I don’t keep a lot of stuff. Probably because I’ve moved so much over the years, an activity made monumentally easier by not own too much. One exception, though, is that I don’t think I’ve ever thrown out a notebook. At least not one that I know has some of my creative writing in it; all the college and high school ones are long gone. I’ve probably got a dozen and a half of them, all various shapes and sizes, some filled from front to back, others more empty than full. Sometimes I even started writing in one and finished in another, even though there was plenty of space left in the first one. Not sure why I kept them all. I’m willing to guess it has something to do with a belief that one of these days I’m going to get struck by lightning and, after waking from the resulting coma, I’ll have developed the appropriate work ethic to finish all the various projects that I started. That, or after I die (or become famous) all of these resulting fits and starts will suddenly be in demand.

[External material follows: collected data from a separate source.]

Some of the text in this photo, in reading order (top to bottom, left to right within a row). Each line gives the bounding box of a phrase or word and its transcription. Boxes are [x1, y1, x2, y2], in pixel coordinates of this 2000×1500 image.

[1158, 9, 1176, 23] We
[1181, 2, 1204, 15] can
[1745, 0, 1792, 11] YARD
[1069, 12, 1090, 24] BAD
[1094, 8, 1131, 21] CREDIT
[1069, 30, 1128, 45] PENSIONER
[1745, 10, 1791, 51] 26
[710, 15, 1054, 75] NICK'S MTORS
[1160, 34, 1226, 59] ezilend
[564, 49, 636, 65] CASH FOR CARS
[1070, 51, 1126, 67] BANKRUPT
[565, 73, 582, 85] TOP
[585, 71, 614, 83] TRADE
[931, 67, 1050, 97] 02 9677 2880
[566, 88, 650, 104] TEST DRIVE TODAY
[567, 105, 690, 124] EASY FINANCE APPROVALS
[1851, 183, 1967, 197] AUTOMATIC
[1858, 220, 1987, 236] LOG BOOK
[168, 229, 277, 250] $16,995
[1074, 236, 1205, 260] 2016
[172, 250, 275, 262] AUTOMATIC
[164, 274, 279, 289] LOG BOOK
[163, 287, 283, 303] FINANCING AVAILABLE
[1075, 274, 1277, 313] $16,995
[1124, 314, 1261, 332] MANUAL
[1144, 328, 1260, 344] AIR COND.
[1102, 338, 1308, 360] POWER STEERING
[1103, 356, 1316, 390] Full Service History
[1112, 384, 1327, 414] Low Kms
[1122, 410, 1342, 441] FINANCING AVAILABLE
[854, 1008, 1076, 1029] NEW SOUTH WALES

I was going through the collection a few weeks ago, looking for everything I had for the novel I wanted to get started on, when I came across this. By the context of the end of it, it feels like something I wrote for a friend, but here it is, unedited:
IT may sounds like a blatant overstatement, but the fact of the matter is that in life shit happens. It may be easier to say than understand, but life is an ever moving entity constantly seeking balance. The bad times come to temper the good, and the good times come to make us forget about the bad, and no matter how painful or troublesome a time may be, there is nothing that can not be overcome. We each have the strength to overcome what comes our way when it does come. Some thing that you may have ignored years ago that has now come back is no more intimidating or threatening than it was before. If it has grown, understand that you too have grown as well, more than it has, and now, even though you may not think so, you are ready to face it and deal with it and be able to truly put it behind you, this time with all the issues resolved. Trust me, I know. It does get better. If you ever need a favor or just someone to talk to (even if it’s about anything other than what’s bothering you) to have a drink with, play mahki with, whatever, I’m here for you, and you know where to find me.
(Let me start by getting the critical comment out of the way: man, I can be overly wordy when I want to be!)
It’s funny to look back and see that, even in a much different time and place in my life, I was still trying to live with a more pragmatic and positive attitude. Unfortunately there was no date on the page in the notebook, but based on what else was in there and the reference to mahki, a computer game I was obsessed with for a time, my guess is this was written while in Los Angeles or just after I left. This means we’re looking at 10 years in the past at least. And it helps to reassure me that this, all of this life, is a journey. No matter what path it seems to be taking at the time, as long as we continue to keep certain guide posts in our life, we will find our way to where we are supposed to be, and who we are supposed to be.